Please repeat the entries exactly as they appear and omit any images.
═══
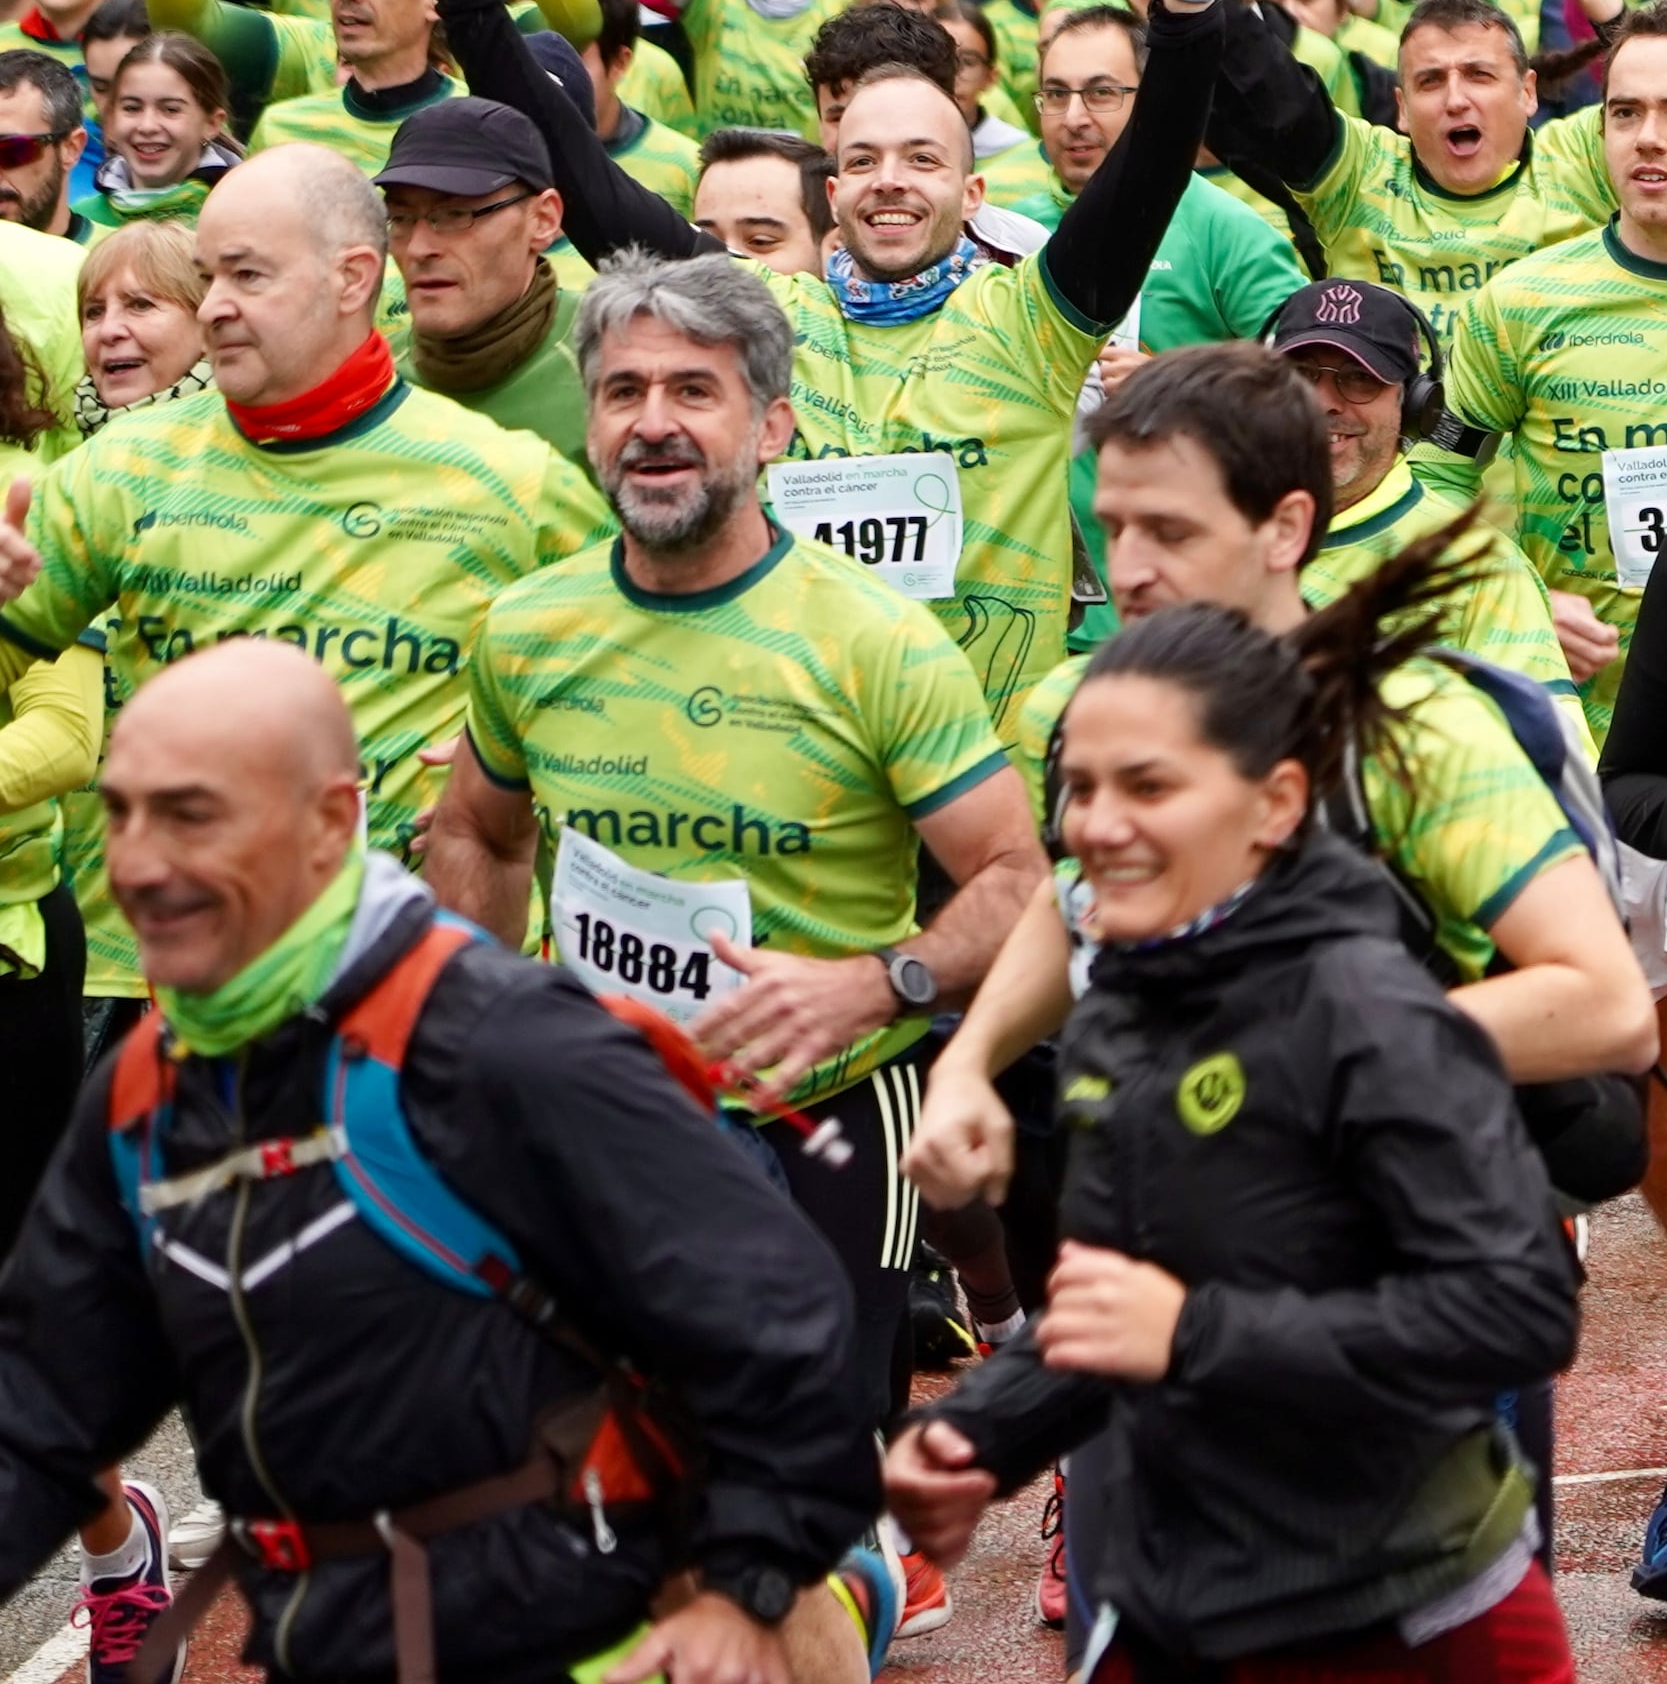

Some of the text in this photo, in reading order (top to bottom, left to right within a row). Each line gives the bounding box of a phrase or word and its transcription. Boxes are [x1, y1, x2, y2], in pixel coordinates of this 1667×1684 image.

[1550, 382, 1577, 400] XIII
[1553, 418, 1609, 452] En
[783, 467, 908, 486] Valladolid en marcha
[1618, 473, 1657, 484] contra
[784, 481, 878, 497] contra el cáncer
[1558, 512, 1596, 556] el
[168, 571, 302, 593] Valladolid
[566, 803, 811, 856] marcha
[575, 912, 711, 1000] 18884
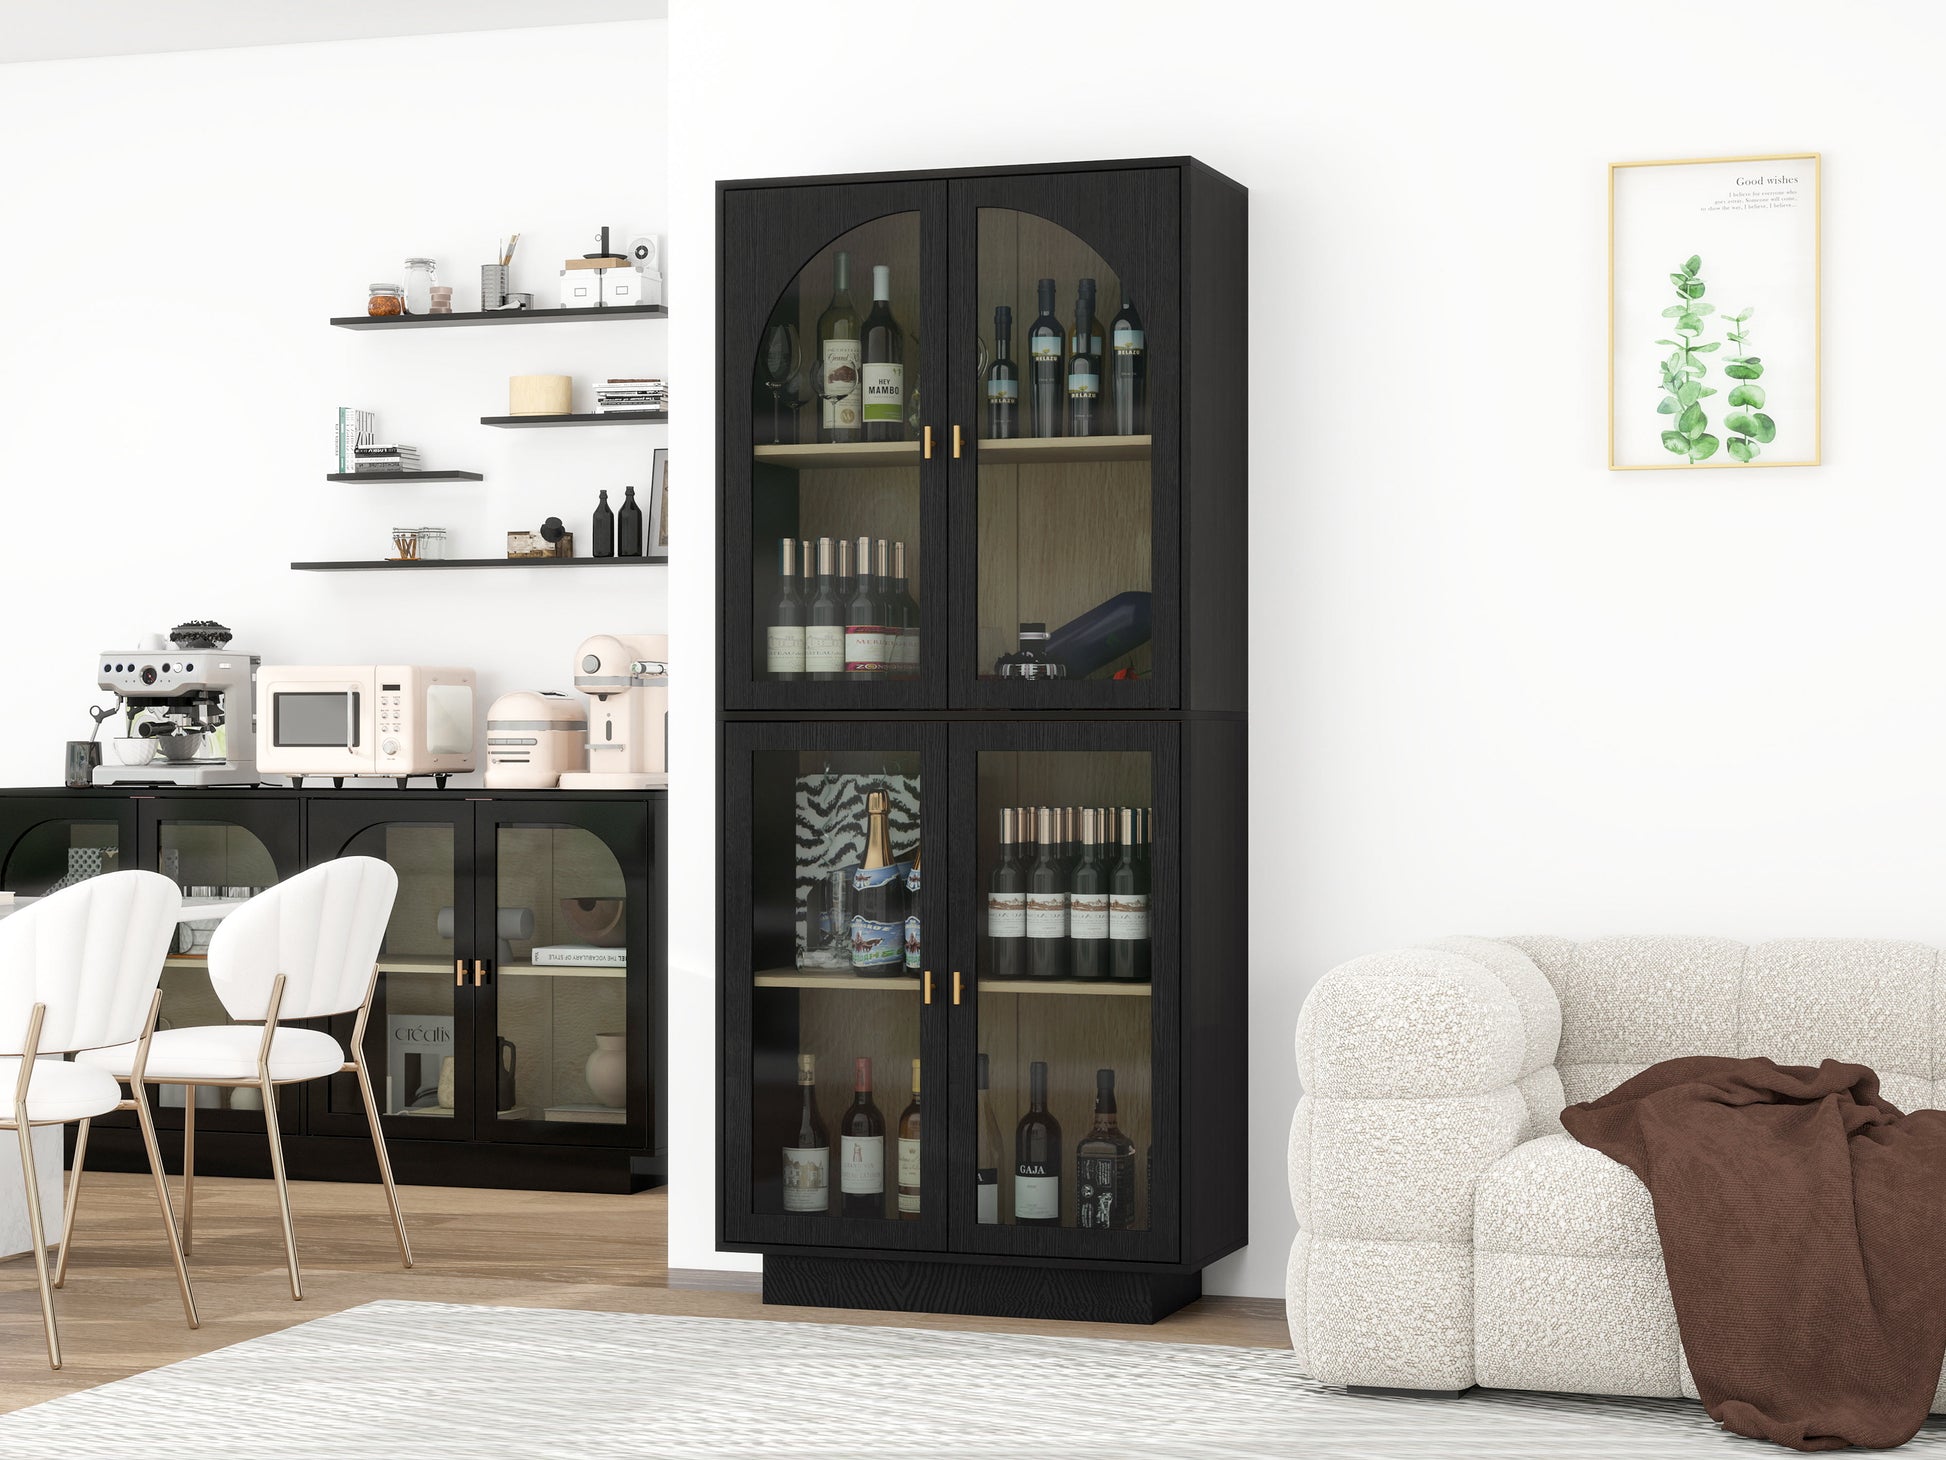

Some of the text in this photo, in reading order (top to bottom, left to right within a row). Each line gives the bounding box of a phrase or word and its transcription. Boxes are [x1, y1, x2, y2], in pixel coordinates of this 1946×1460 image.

[1736, 175, 1799, 187] Good wishes
[868, 386, 900, 395] MAMBO
[549, 953, 564, 961] STYLE
[1020, 1164, 1045, 1175] GAJA
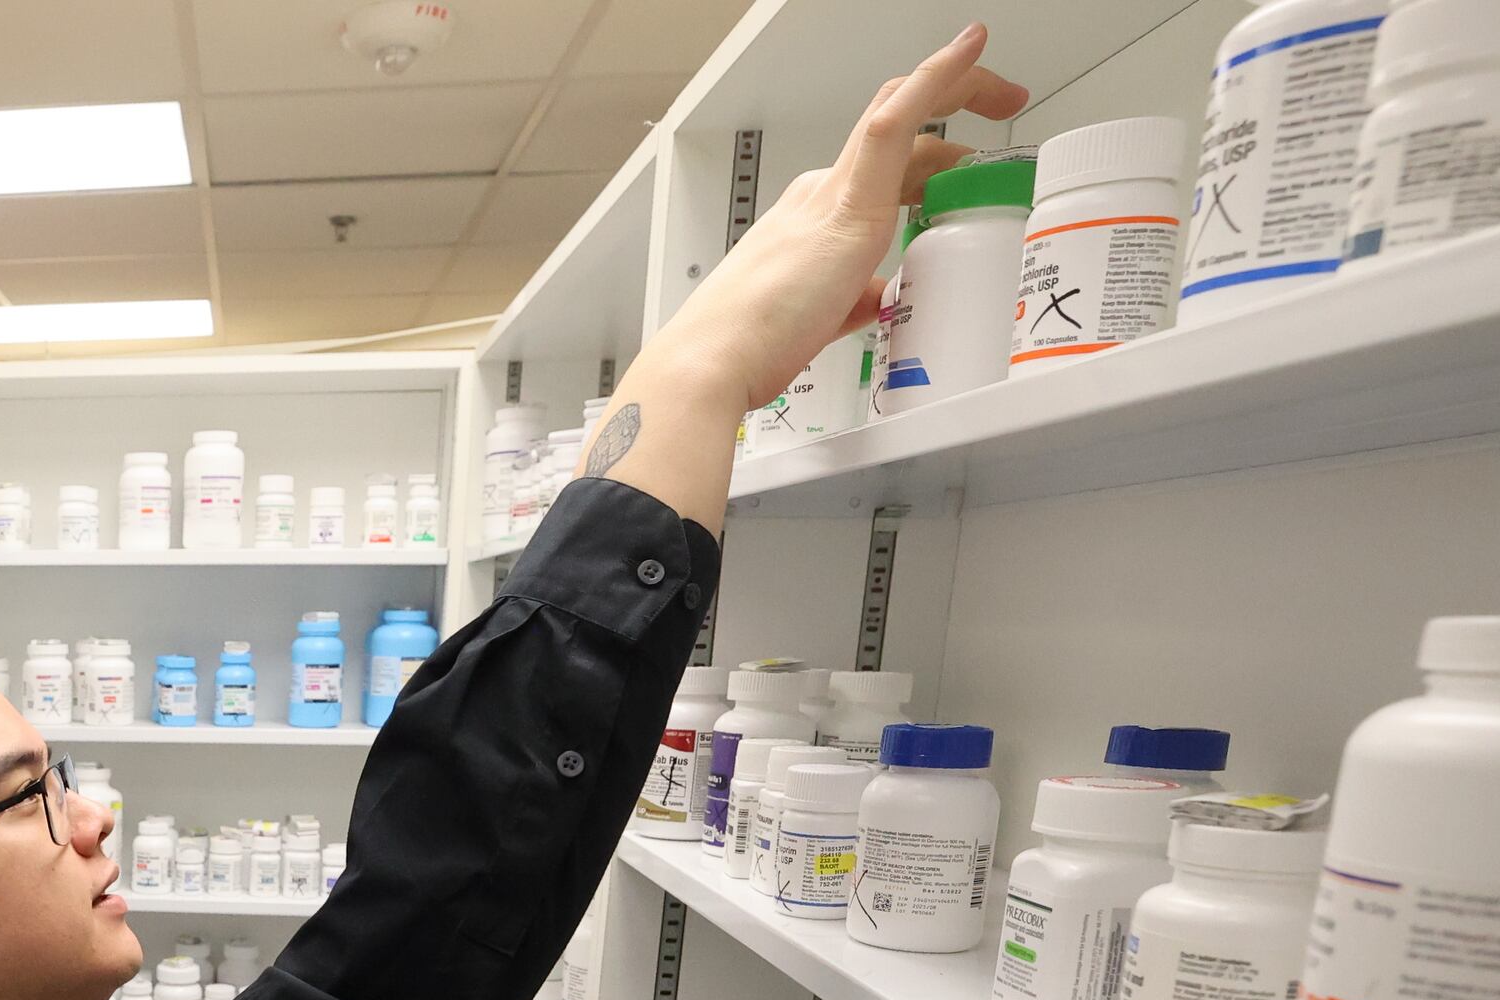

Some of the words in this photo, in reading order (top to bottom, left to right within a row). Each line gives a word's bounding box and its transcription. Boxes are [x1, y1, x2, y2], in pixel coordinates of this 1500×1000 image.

[1038, 277, 1059, 293] USP
[1046, 335, 1078, 345] Capsules
[794, 384, 814, 393] USP
[669, 756, 688, 766] Plus
[1006, 905, 1044, 929] PREZCOBIX
═══
→ RESULT FOR THIS TASK
Some of the text in this photo, in reading order (top to bottom, left to right within a row). Each line gives the bounding box of a phrase or word and its transcription. Boxes are [x1, y1, x2, y2], in pixel coordinates of this 1667×1684 image.

[1550, 382, 1577, 400] XIII
[1553, 418, 1609, 452] En
[783, 467, 908, 486] Valladolid en marcha
[1618, 473, 1657, 484] contra
[784, 481, 878, 497] contra el cáncer
[1558, 512, 1596, 556] el
[168, 571, 302, 593] Valladolid
[566, 803, 811, 856] marcha
[575, 912, 711, 1000] 18884

Some of the text in this photo, in reading order (top to bottom, left to right within a row). Each line gives the bounding box of a phrase or word and its transcription. Boxes are [x1, y1, x2, y2], in pixel coordinates of this 1946×1460 image.

[1736, 175, 1799, 187] Good wishes
[868, 386, 900, 395] MAMBO
[549, 953, 564, 961] STYLE
[1020, 1164, 1045, 1175] GAJA

Some of the words in this photo, in reading order (top to bottom, left to right within a row). Each line gives a word's bounding box and its transcription. Boxes are [x1, y1, x2, y2], in pixel coordinates of this 1500×1000 image.

[1038, 277, 1059, 293] USP
[1046, 335, 1078, 345] Capsules
[794, 384, 814, 393] USP
[669, 756, 688, 766] Plus
[1006, 905, 1044, 929] PREZCOBIX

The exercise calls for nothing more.